English actress (born 1988)

Charlene Joanne Webb (born 26 February 1988), commonly known as Charley Webb, is an English actress. From 2002 to 2021, she played Debbie Dingle in the ITV soap opera Emmerdale. In 2014, she was nominated for Best Female Dramatic Performance at the British Soap Awards.

== Career ==
Before landing the role of Debbie, Webb previously appeared on the stage in Manchester in a production of Bugsy Malone when she was eight. She joined the soap opera Emmerdale in 2002 at the age of 14. She was nominated for Best Actress at the 2009 British Soap Awards and was also nominated for Sexiest Female at the 2010 British Soap Awards.
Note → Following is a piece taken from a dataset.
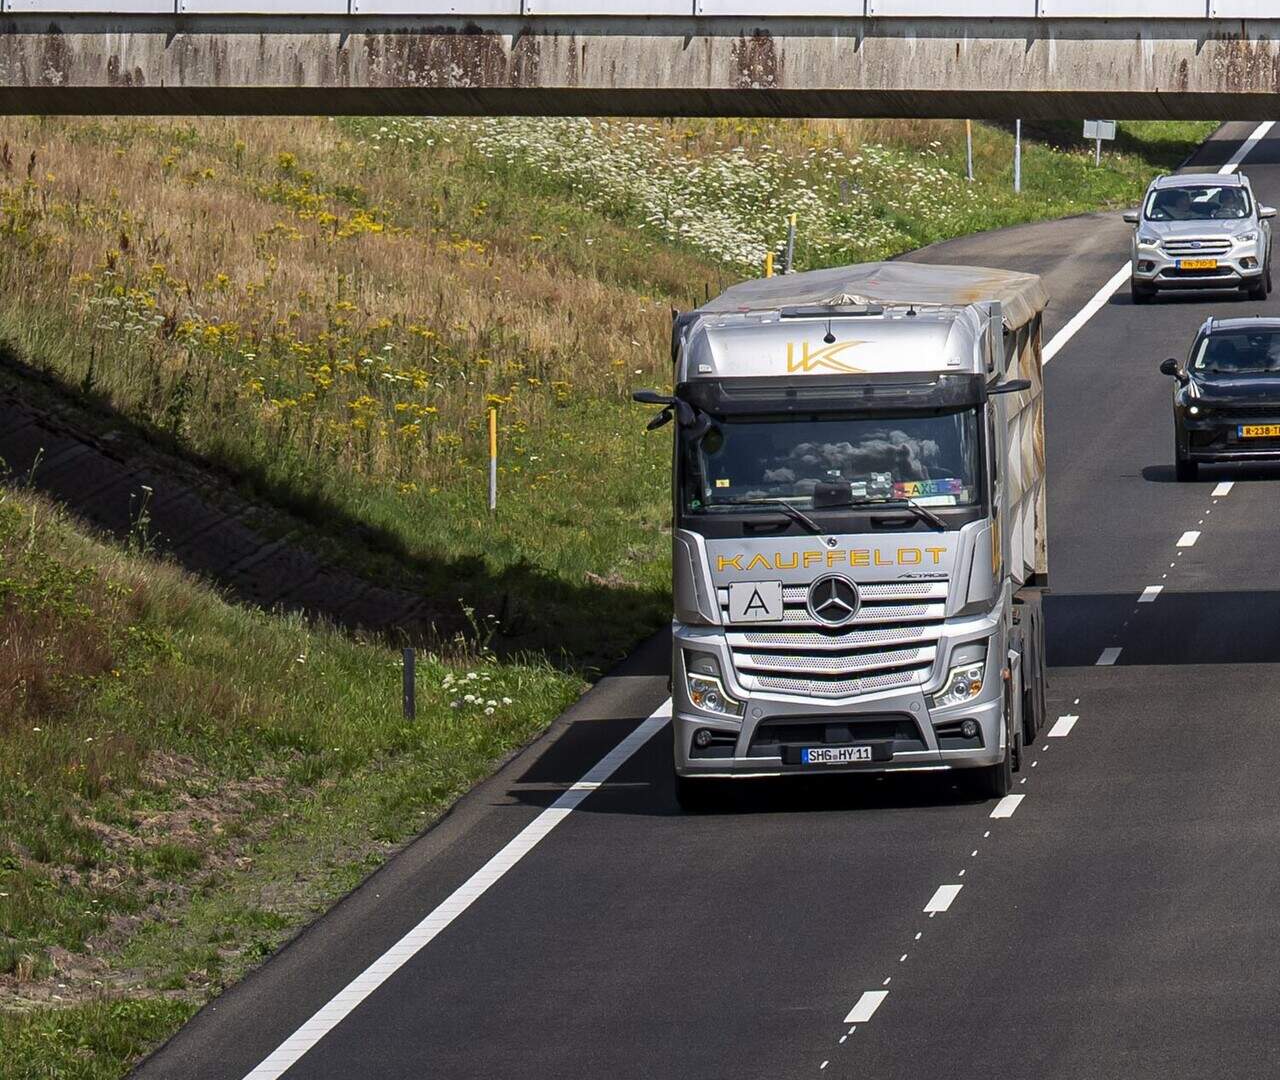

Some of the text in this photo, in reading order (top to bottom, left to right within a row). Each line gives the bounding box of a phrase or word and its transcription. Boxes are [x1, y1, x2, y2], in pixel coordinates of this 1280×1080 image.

In 2021, Webb announced that she had made the decision to leave Emmerdale after 19 years.

== Personal life ==
Webb attended Philips High School in Whitefield, Greater Manchester. She has two older sisters, and her older brother Jamie Lomas is an actor, known for playing Warren Fox in the Channel 4 soap opera, Hollyoaks. In September 2009, Webb and Emmerdale co-star Matthew Wolfenden announced that they were expecting their first child, due in spring 2010. Webb gave birth to a boy in April 2010. They announced in June 2015 that were having a second child, giving birth to another son on 19 December 2015. In February 2018, Webb and Wolfenden married; their co-star, Lucy Pargeter, was a bridesmaid. Webb announced her third pregnancy in February 2019, giving birth to a third son on 26 July 2019. In November 2023, they announced that they had separated.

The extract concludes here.